Although there is still some debate around what regenerative agriculture does or does not include, one of its frequently discussed tenants is the need to boost biodiversity. Today, much of our agricultural production depends on monocultures of a few species produced at mass scale in highly-efficient systems. This is great assuming that your only goal is yield maximization.
“When we first started thinking about it, if we demand healthy food we should also demand really healthy landscapes and ecosystems,” Ethan Steinberg, CEO and co-founder of Propagate Ventures, told AFN. ““We looked at the bottlenecks in regenerative agriculture and realized that trees are an important pillar in the ecosystem that are not currently being addressed. So we asked: how can farmers and producers have an opportunity to utilize trees as part of the regenerative agriculture toolkit?”
Founded around 2017, the New York-based investment outfit recently closed a $1.5 million seed round led by Boston-based Neglected Climate Opportunities a wholly-owned subsidiary of the Jeremy and Hannelore Grantham Environmental Trust. Propagate Ventures is Techstars-backed and a portfolio company of Elemental Excelerator.
Propagate’s goal is to make it easy for investors to back low-risk agroforestry projects while simultaneously helping farmers boost their farms’ ecosystem services and profits. It’s modeled after companies like AngelList and Wunder Capital, which is what caught the attention of the Grantham Environmental Trust, according to the startup. The company analyzes an interested farmers’ operation, provides guidance on what to plant and where, provides access to contractors to make the project happen, and connects the farmer to capital to cover the upfront costs. It can take three years or more for fruit-bearing trees to bear fruit. This makes it a long-term investment and therefore less appealing to some producers.

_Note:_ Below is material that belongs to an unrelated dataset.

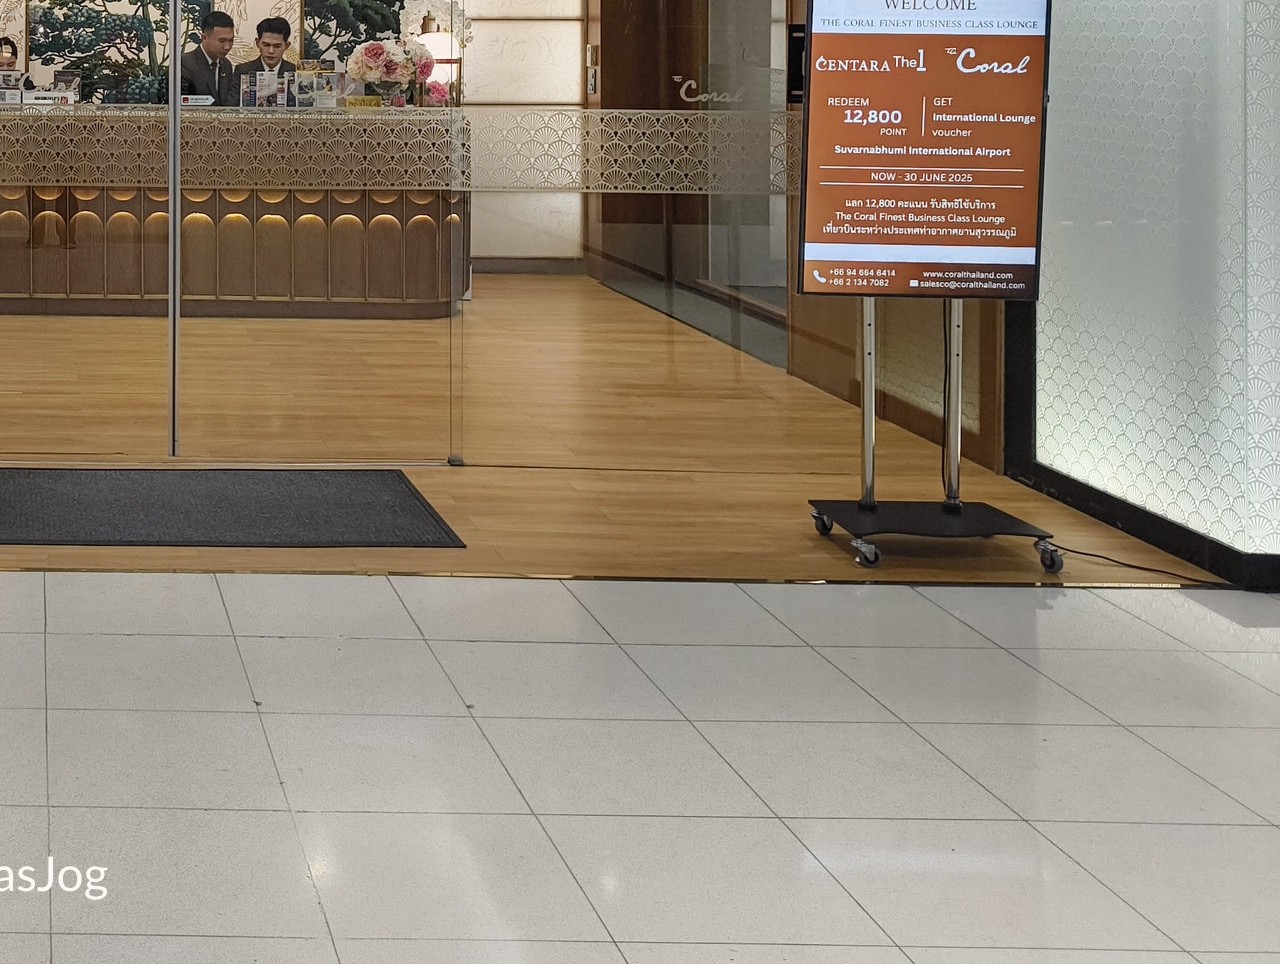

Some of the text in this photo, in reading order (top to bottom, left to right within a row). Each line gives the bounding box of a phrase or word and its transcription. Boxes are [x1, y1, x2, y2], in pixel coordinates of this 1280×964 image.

“Farmers are interested in this but they struggle to get financing, and debt is not always an attractive option. When talking with farmers, what became clear to us was that the limiting factor surrounded economics: how does agroforestry affect cash flow, are the markets active, how can it help operations?”
What is Agroforestry?
Agroforestry is an umbrella term used to refer to the incorporation of trees in agricultural production. Whether its alley cropping between rows of trees or grazing cattle through a silvopasture, the trees offer a new level of biodiversity through their impact on soil health, wildlife habitat, and even reduced pest pressure. Nitrogen-fixing trees can increase nitrogen inputs while the deep root systems help prevent soil runoff while improving the soil’s water-holding capacity. And from a livestock standpoint, trees provide shade in the summer and shelter in the winter.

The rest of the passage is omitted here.